Showcase
October 16, 2023
October 16, 2023
(updated)

Showcase: PowerSync for Supabase and Flutter

We were recently joined by Tyler Shukert from Supabase and PowerSync community member Herman Lintvelt to see examples of using PowerSync as a data layer for Flutter development with Supabase.

Phillip van der Merwe

On the call, Tyler shared his experience using PowerSync with Supabase, Kobie from PowerSync demonstrated how to build an offline-first chat app and Herman showcased an offline-first Trello clone app that he built using Flutter and PowerSync.

Full video of the call available here:

Using PowerSync with Supabase

Tyler (Flutter DevRel at Supabase) maintains the Supabase Flutter/Dart SDK. Superbase is an open-source Firebase alternative, but does not currently have turnkey offline caching capabilities. Offline support is actually the top requested feature on their GitHub discussion page, but this is a hard problem to solve.

They have previously recommended third-party integrations for offline capabilities, but these were mostly focused on JavaScript projects and were not ideal for Flutter. PowerSync has the potential to provide a reliable offline experience for Flutter developers using Superbase:

Personally I am super excited that with PowerSync, we [Supabase] will be able to fully, truly, provide the offline experience for our Flutter developers. – Tyler Shukert

Setting up a Flutter App with Supabase and PowerSync

Kobie from the PowerSync team demonstrated how it would be possible to use PowerSync to enable offline mode for a chat app built using Flutter with Supabase. 

His starting point was Supabase’s simple chat app tutorial, which has a straightforward schema consisting of two tables. The app isn’t designed to support offline but that’s easy enough to add with PowerSync.

Implementing PowerSync consists of two steps: 

1. Implement a PowerSync service instance

  1. Connect to Supabase
  2. Define and deploy sync rules

2. Set up the Flutter app

  1. Install the SDK
  2. Implement local schema
  3. Extend models (optional but recommended)
  4. Implement/import SupabaseConnector
  5. Call db.connect()
  6. Wire up UI to use PowerSync SDK.

Full tutorial available below:

Kobie went on to explain how sync rules and role level security (RLS) work together in PowerSync, and that he created a template of the chat app for all to use.

Support for real-time data changes

Tyler and Kobie discussed that PowerSync has automatic support for real-time data. Not just REST API calls but real-time database changes and subscriptions.

No schema migrations necessary

Tyler asked about database structure changes and Kobie showed that additive changes are not a problem and that even more destructive schema changes are supported. Kobie recommended using demo apps to learn how to use the PowerSync SDK.

Transactions supported

Tyler asked about whether the execute method in PowerSync supports transactions, for example when inserting two related data into the database. Kobie explained that it is supported.
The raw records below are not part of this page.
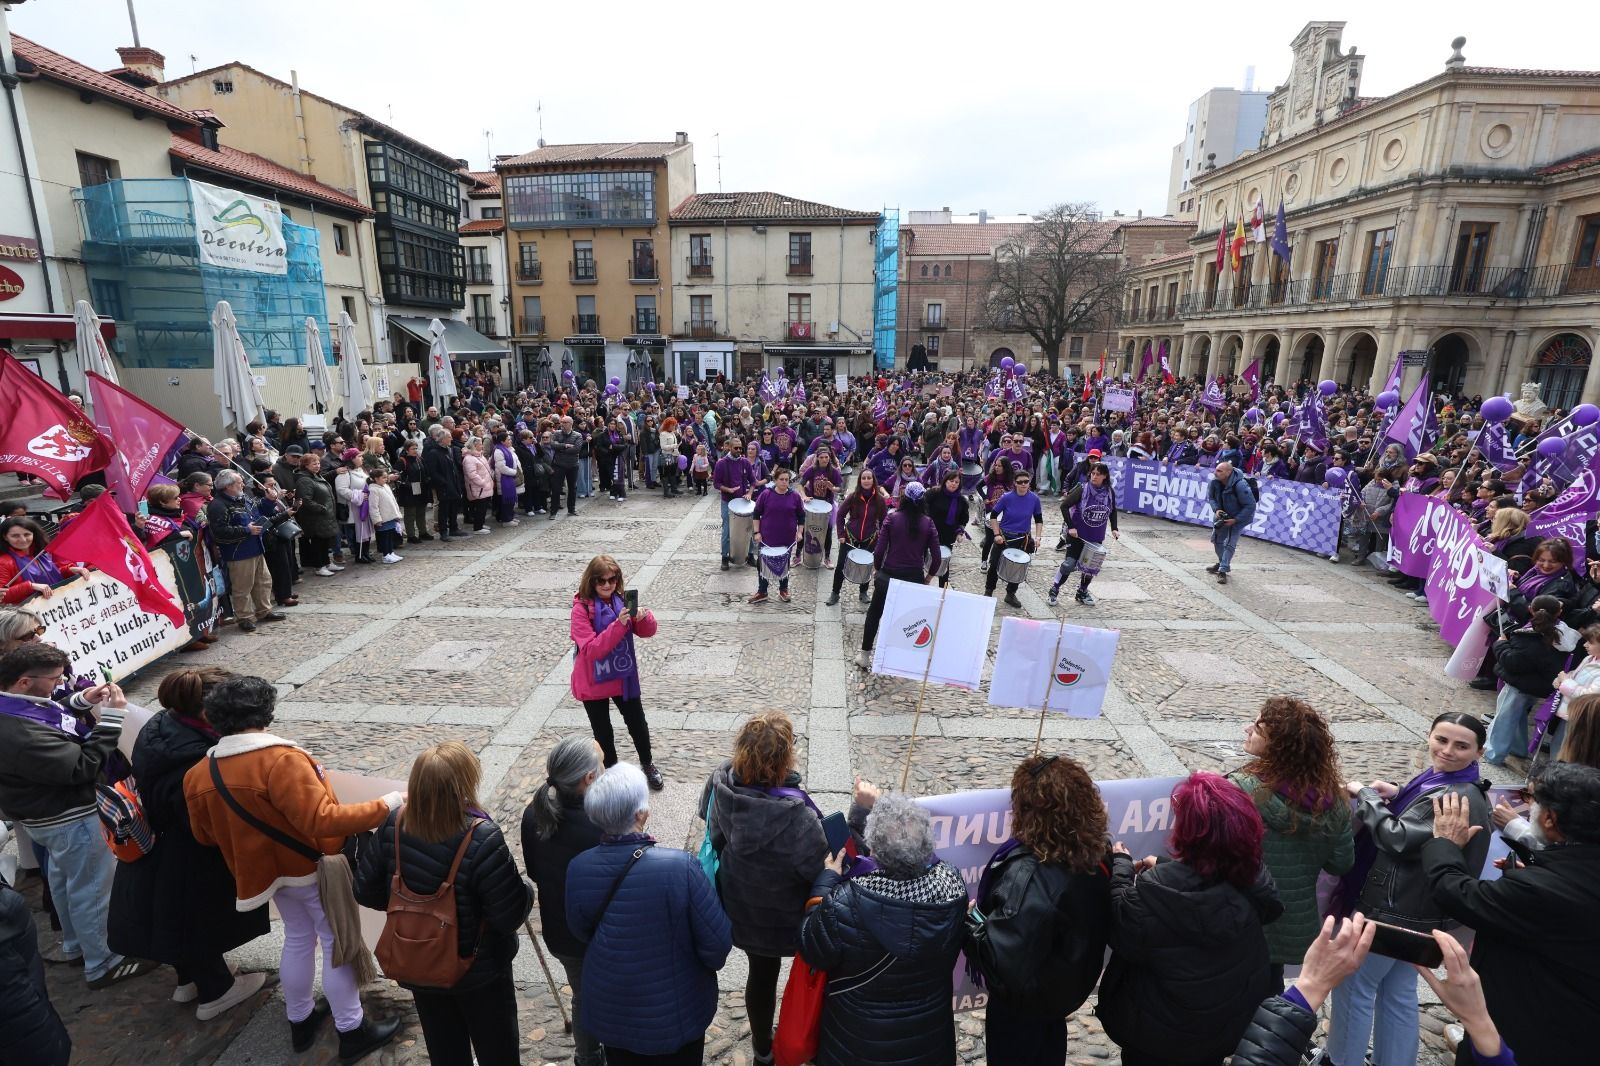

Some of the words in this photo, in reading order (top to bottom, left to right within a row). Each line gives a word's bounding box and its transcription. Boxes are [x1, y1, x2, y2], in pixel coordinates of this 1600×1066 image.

[202, 229, 284, 257] Decolesa
[1138, 491, 1181, 516] POR
[1185, 500, 1215, 522] LA
[37, 594, 83, 627] rraka
[103, 581, 119, 598] de
[82, 639, 98, 655] de
[99, 629, 113, 645] la
[115, 611, 150, 632] lucha
[903, 618, 927, 633] Palestina
[114, 649, 129, 664] la
[1061, 657, 1086, 673] Palestina
I can see that PowerSync is really bulletproof — every single kind of interaction that you might have with the data, it's got covered. And real-time is baked in which is really, really amazing. – Tyler Shukert

Demo: Offline-first Trello (Kanban) Clone

Herman joined us to showcase his offline-first Trello clone. He made the point that Flutter is used by developers who prioritize productivity and that PowerSync seems to be aligned with that. He previously used Firebase and Firestore at his startup but found that to be deficient in offline support — its offline capabilities are based on caching, not a full offline-first approach.

Herman built a Trello clone with workspaces which have boards, which have lists. These can all be moved around using drag-and-drop. Boards and lists can be added, as well as members. Information is then shared between these.

Herman’s app approach was based on a Trello clone open-source project and includes a separate library for data sync and authentication using PowerSync and Supabase. He also mentioned his use of repository classes for data access patterns and transactions for archiving cards. 

Herman then connected his phone to his screen share to be able to demo the offline functionality of the app. While offline he showed a shared workspace where different users have access based on the sync rules. He then completed a number of actions (creating a board, moving cards) and showed how these actions synced in real-time to the view of the other user. 

Screenshots of the offline-first Trello clone built with PowerSync, Supabase and Flutter.

The Trello clone app is available as an example app.